We tend to think of oceans as infinite systems, and it might seem that any pollution we dump into them will just get diluted to neglectable levels, but we’re already reaching worrying levels of pollution. A study from December quantified 5 trillion pieces of plastic in the ocean, but the real number is likely much higher than that, considering that oceanic bottoms are a cemetery for plastic. In 2010 alone, we dumped 8 million metric tons of plastic into the ocean and that figure has likely increased in recent years – yet little has been done, at a global scale, to fight this problem. This is where Ocean Cleanup steps in.
“Instead of going after the plastic – which would take many thousands of years and billions of dollars to complete – The Ocean Cleanup uses long floating barriers to let the ocean currents concentrate the plastic itself,” the organization’s ‘About’ page reads. “After having worked with a team of 100 volunteering scientists and engineers, a 2014 study confirmed the passive system is indeed likely a feasible and cost-effective method to remove half the Great Pacific Garbage Patch in 10 years’ time.”
Their solution is a creative one: instead of moving around and collecting the thrash which spends a whole lot of energy and resources, just use currents to bring the garbage to you, and have a stationary system collect it. The Ocean Cleanup will use long floating barriers, because all plastic is naturally buoyant and gets collected by the array. The nice thing about this technology is that it is highly scalable. It will be operational for at least two years.
In terms of efficiency, 80% of the encountered garbage will be collected, and the estimated cost for the clean-up is €4,53 for every kg of plastic removed, around 3% of the cost of conventional cleanup methods. This is excluding the expected resale value of the extracted plastic, which has the potential to drastically reduce these costs. Also, the same array can be emptied and then reused, which means that the costs for further operations will be reduced.
“After collecting almost half a ton of plastic from the Hawaiian shoreline, The Ocean Cleanup measured how degraded the plastic was.

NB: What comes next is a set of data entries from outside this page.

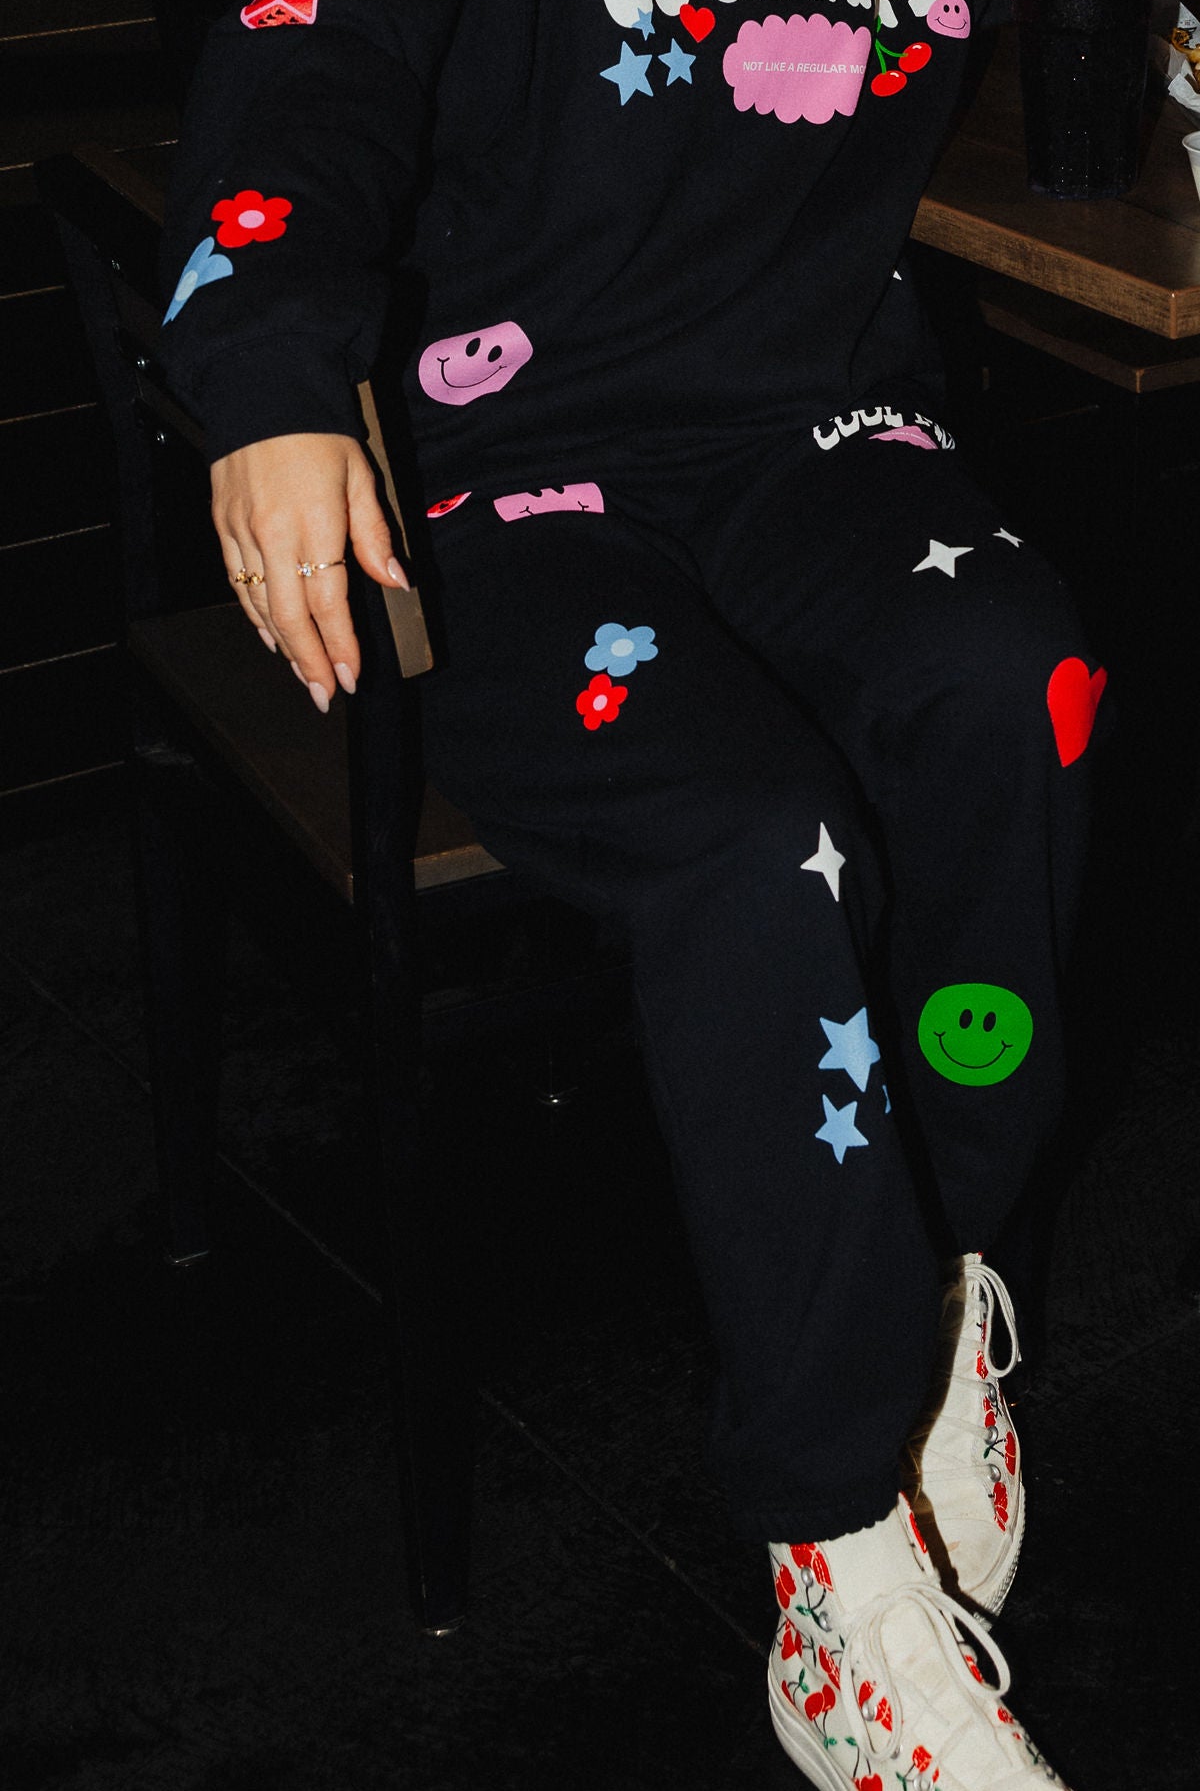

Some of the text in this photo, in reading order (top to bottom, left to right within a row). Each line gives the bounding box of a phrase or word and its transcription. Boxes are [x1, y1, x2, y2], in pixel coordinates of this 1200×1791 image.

[743, 61, 763, 71] NOT
[765, 62, 786, 72] LIKE
[787, 63, 795, 72] A
[796, 63, 847, 74] REGULAR
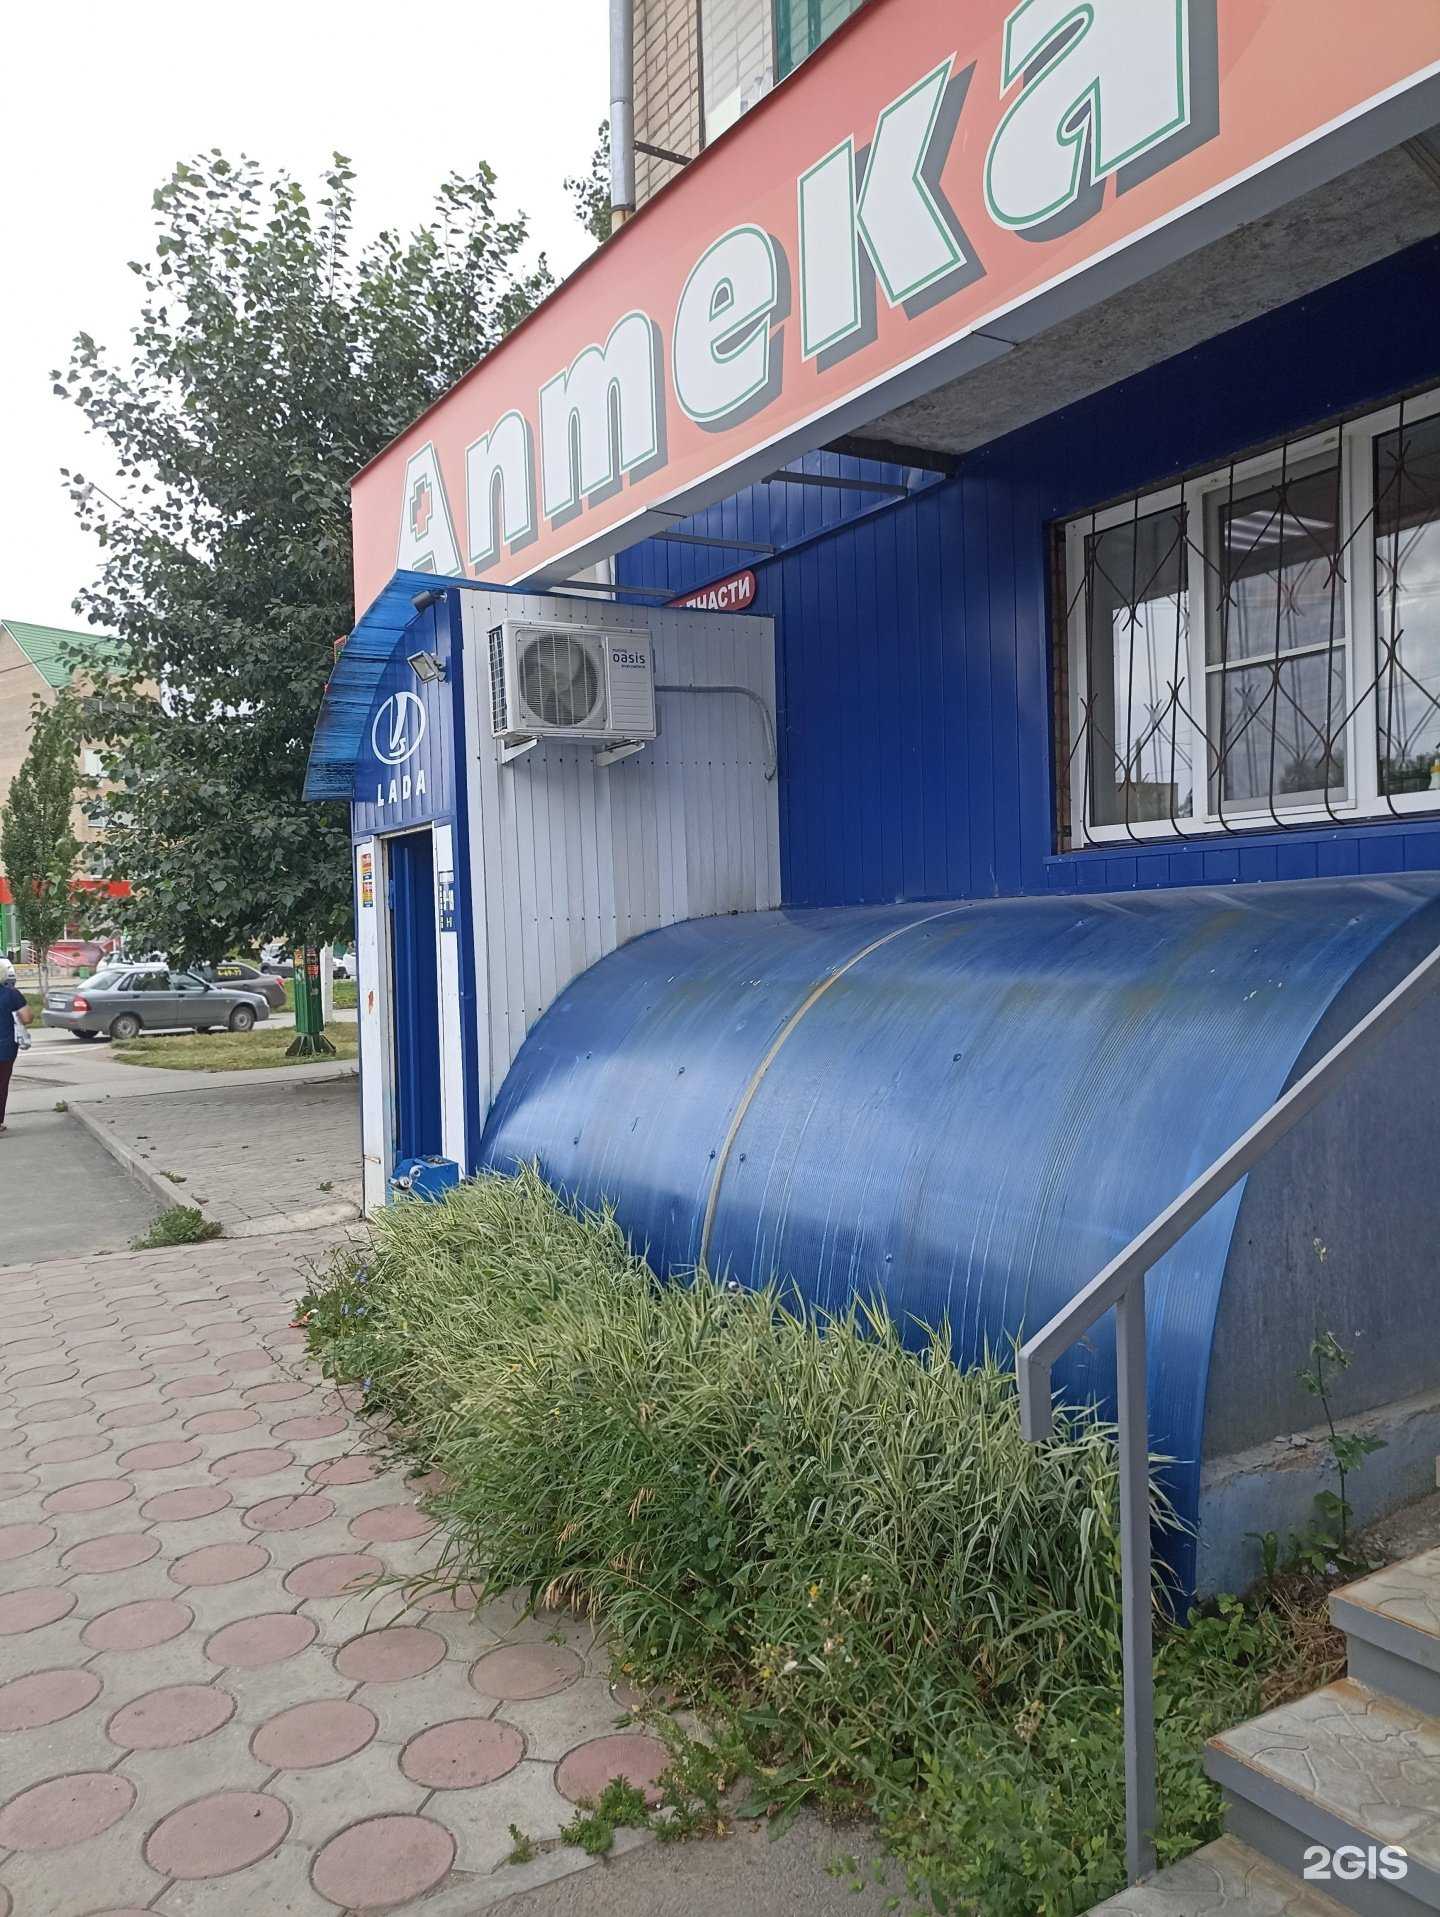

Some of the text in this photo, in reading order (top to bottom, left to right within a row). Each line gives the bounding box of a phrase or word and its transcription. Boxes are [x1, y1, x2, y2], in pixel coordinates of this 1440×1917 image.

Our findings were surprisingly positive. With this knowledge we continued testing, and demonstrated that ocean plastic is suitable to be turned into oil. We are also testing whether ocean plastic can be turned into new materials through mechanical recycling, with promising results to date,” they add.
The deployment of this system will also mark the longest floating structure ever deployed in the ocean (beating the current record of 1000 m held by the Tokyo Mega-Float). But there are plans to scale it up even more! I think it has a lot of potential, and hopefully, everything will turn out as expected.